Paris, 08h30. Bureau étouffant du service administratif. J’arrive, jupe courte comme le premier jour, bottes noires qui claquent sur le sol. Mon cœur bat fort. La lettre anonyme de la veille tourne en boucle dans ma tête. ‘Et si tu ne portes rien en bas ?’ J’ai répondu à son mail hier soir, Anonymix. ‘Viens vérifier toi-même.’ La honte me chauffe les joues, mais entre mes cuisses, c’est déjà humide.
Je m’assois face à lui, mon collègue timide. Jean-Louis est absent, cuvant sa cuite. On est seuls. Ses yeux glissent sur mes jambes. Je croise les cuisses, sens le vide sous ma jupe. Pas de culotte ce matin. J’ai cédé. La tentation est insupportable. Chaque cliquetis de clavier me fait frissonner. Midi approche. On déjeune ensemble, comme d’hab. Mais aujourd’hui, je le frôle du genou sous la table de la brasserie. Son souffle s’accélère. ‘T’es sexy aujourd’hui, Gaëlle.’ Je souris, murmure : ‘C’est pour lui.’ Il pâlit.
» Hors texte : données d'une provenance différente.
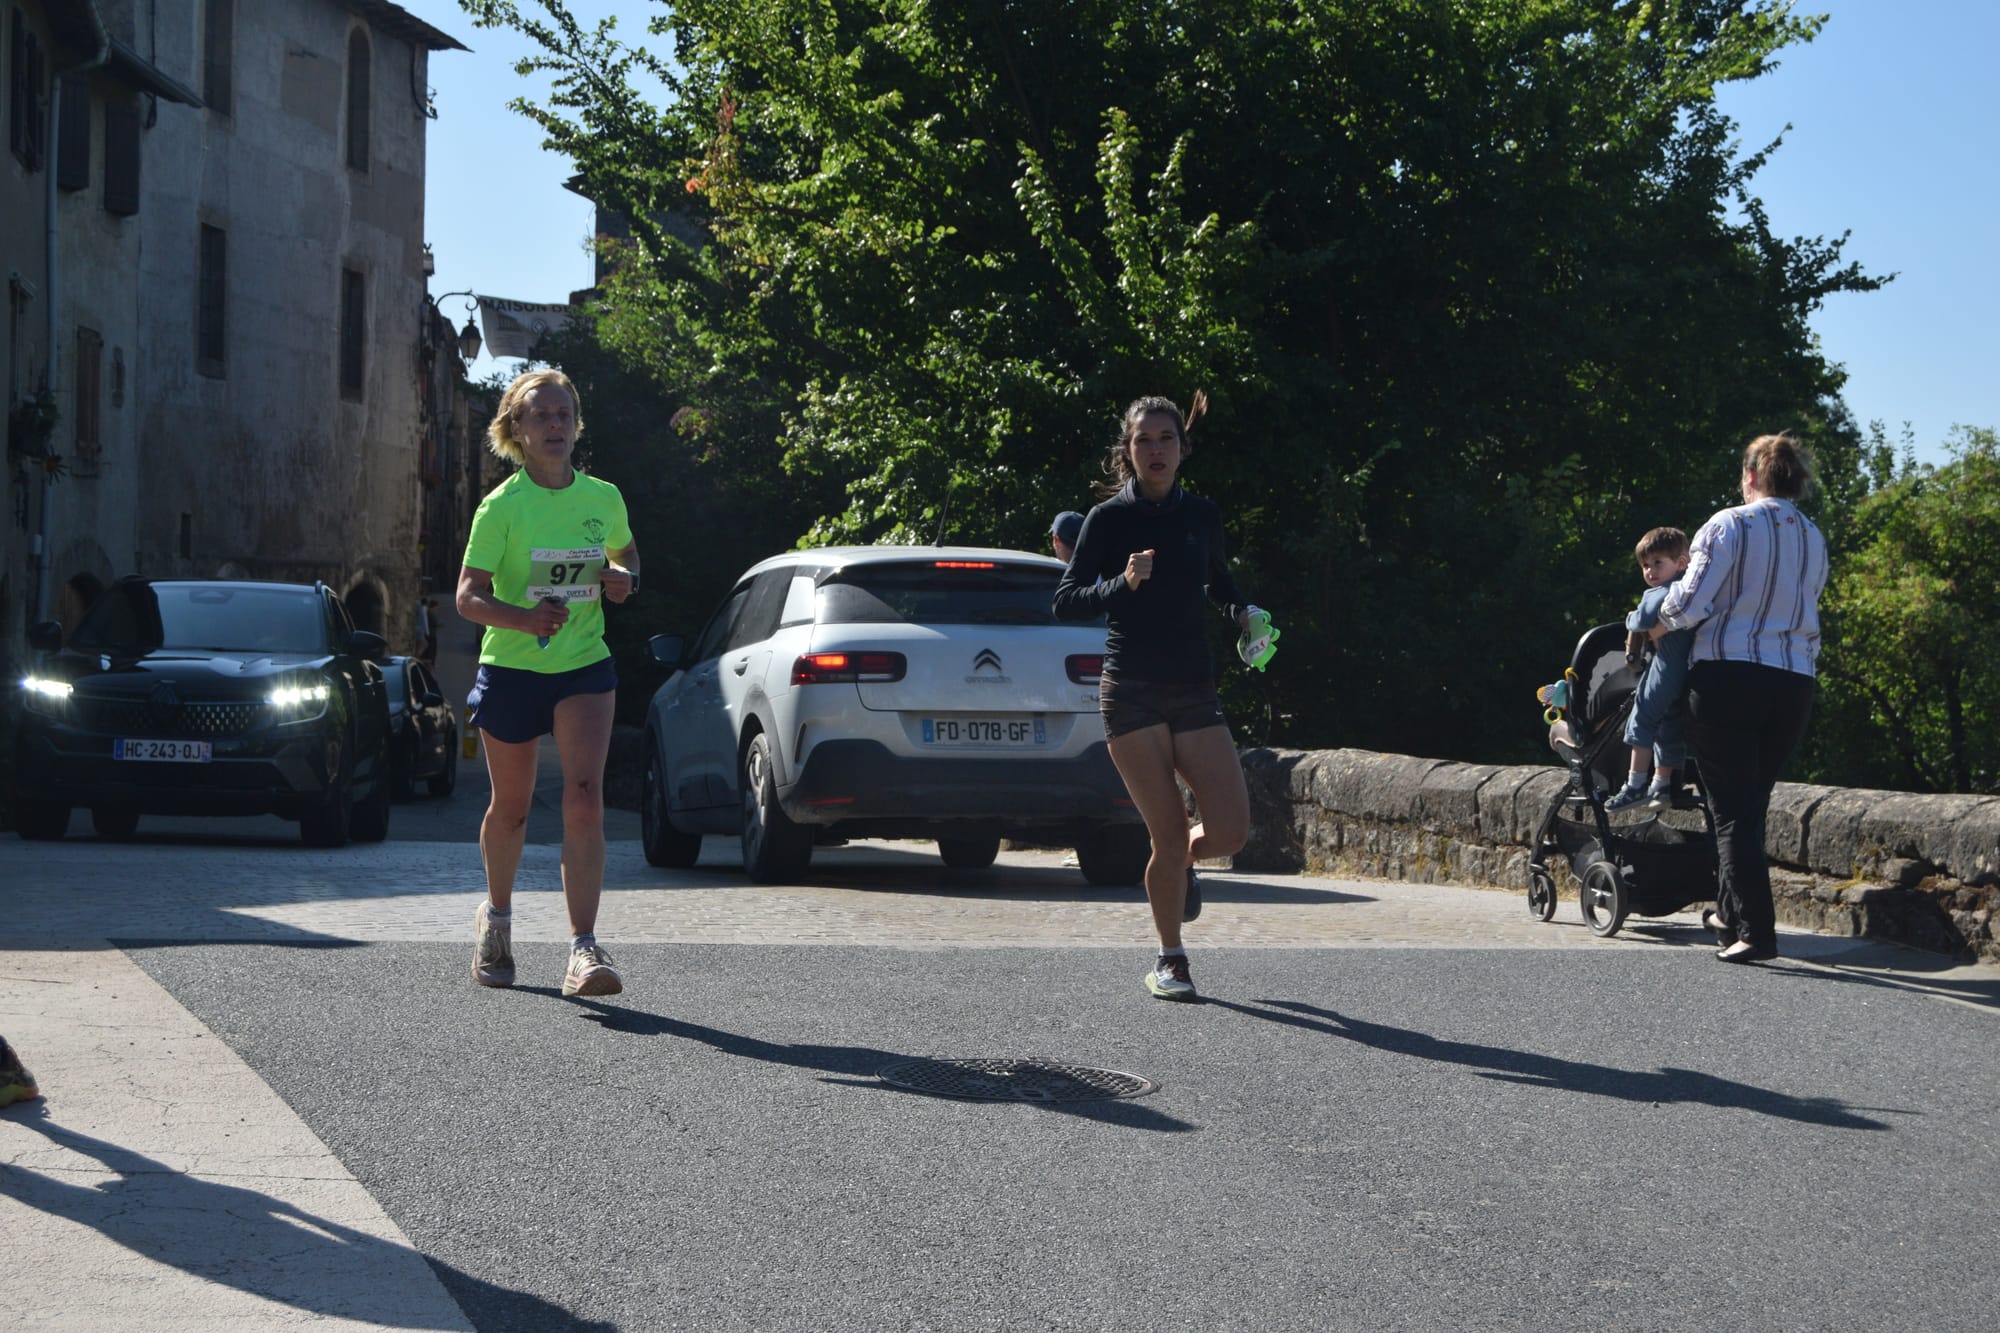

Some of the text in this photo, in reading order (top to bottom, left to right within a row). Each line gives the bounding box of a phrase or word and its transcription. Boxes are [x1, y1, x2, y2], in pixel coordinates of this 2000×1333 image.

De retour au bureau, 14h. La chaleur monte. Je ferme la porte. ‘Lis ça.’ Je lui tends mon écran : le mail d’Anonymix. ‘Ce soir, 16h. Reste. Porte rien.’ Il lit, avale sa salive. La ligne est franchie. Je veux ça. Le frisson de l’interdit me rend folle. Mes seins pointent sous le chemisier. Je décide : je reste. Pour le péché.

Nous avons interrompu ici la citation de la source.